È possibile costruire il Ponte sullo Stretto di Messina in una delle zone più sismiche del Mediterraneo? Per rispondere a questa domanda, dobbiamo prima capire cosa c'è davvero sotto il mare che separa Sicilia e Calabria. In questo articolo faremo un viaggio nella geologia profonda del braccio di mare che separa la Sicilia dalla Calabria e collega il Mar Ionio con il Mar Tirreno: vedremo come i movimenti delle placche tettoniche stanno allontanando le due coste, analizzeremo il sistema di faglie che genera i terremoti e cercheremo di capire se, dal punto di vista ingegneristico, è tecnicamente possibile realizzare un'opera capace di resistere a queste forze della natura.
Per capire lo Stretto, dobbiamo fare un salto indietro di 200 milioni di anni, quando tutti i continenti erano uniti nella Pangea, circondata dall'oceano Panthalassa. La Pangea si divise poi in due grandi blocchi: Gondwana a sud (Africa, Sud America, ecc.) e Laurasia a nord (Eurasia, Nord America). In mezzo, si insinuava un braccio di mare chiamato Oceano Tetide. L'Italia? Non esisteva ancora, o meglio, la sua "traccia" geologica era sommersa proprio lì in mezzo.

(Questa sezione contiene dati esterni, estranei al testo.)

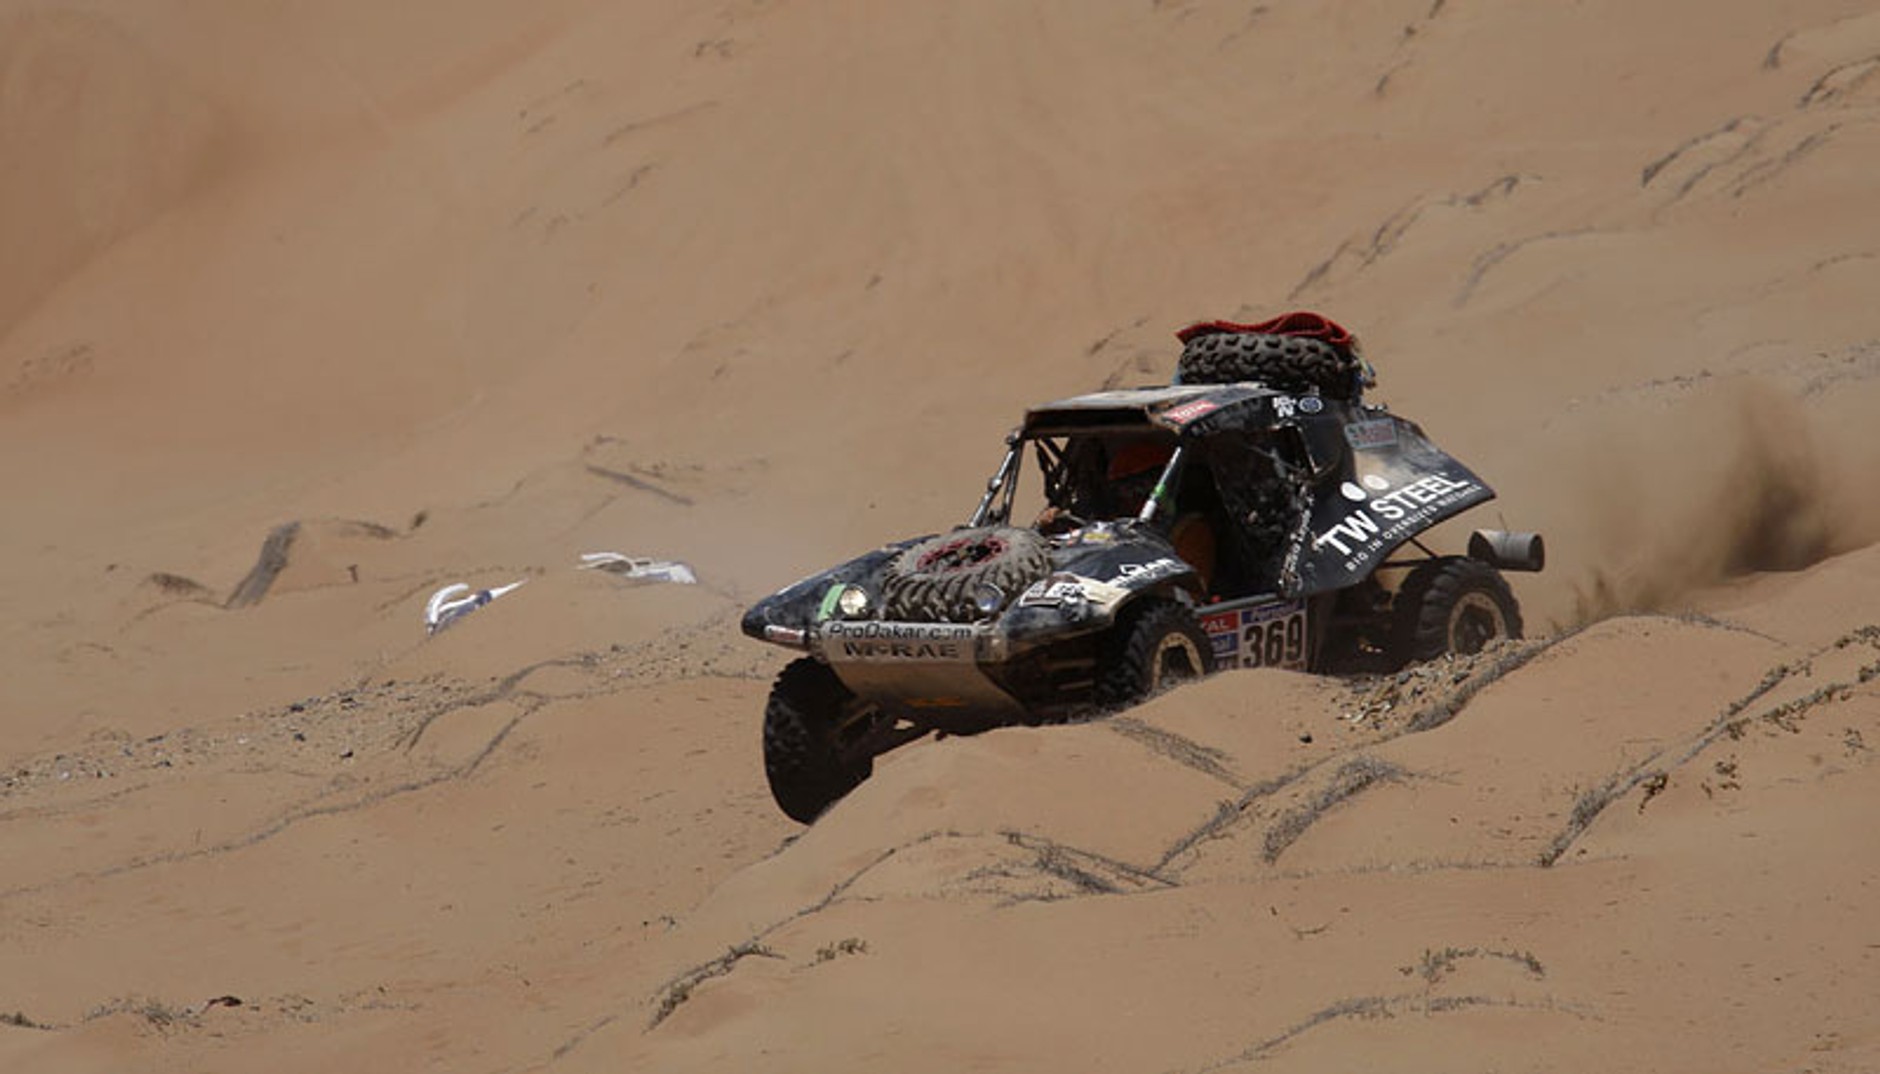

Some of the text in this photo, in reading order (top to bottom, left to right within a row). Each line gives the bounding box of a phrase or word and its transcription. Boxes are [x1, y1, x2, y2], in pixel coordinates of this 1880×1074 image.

[1315, 509, 1379, 556] TW
[1369, 472, 1470, 519] STEEL
[1242, 614, 1303, 668] 369

Nei successivi 100 milioni di anni, i continenti iniziarono a frammentarsi e ad allontanarsi. L'Africa e l'India si staccarono e iniziarono a viaggiare verso nord-est, andando a schiantarsi contro l'Eurasia. Questo scontro titanico ha chiuso l'Oceano Tetide e "spremuto" verso l'alto le rocce che si trovavano nel mezzo, formando le Alpi, gli Appennini e l'Himalaya. L'Italia è nata proprio in questa morsa tettonica, schiacciata tra la placca africana che spinge verso nord e quella eurasiatica.
A questo punto verrebbe da pensare: se siamo in una morsa che stringe, allora Sicilia e Calabria si stanno avvicinando, giusto? E invece no. La geologia è meravigliosamente complessa. Nonostante il contesto generale di compressione, lo Stretto di Messina si trova in una zona di estensione. In pratica, Sicilia e Calabria si stanno allontanando.
Perché succede? L'Africa spinge verso nord, ma allo stesso tempo il Mar Tirreno spinge verso est (verso la Calabria). Immaginate di prendere un foglio di carta e tirarlo da due lati opposti: al centro si strapperà. Ecco, lo Stretto è proprio in mezzo a questo "strappo" geologico. Gli studi confermano che le due sponde si allontanano di circa 0,5-0,8 mm all'anno.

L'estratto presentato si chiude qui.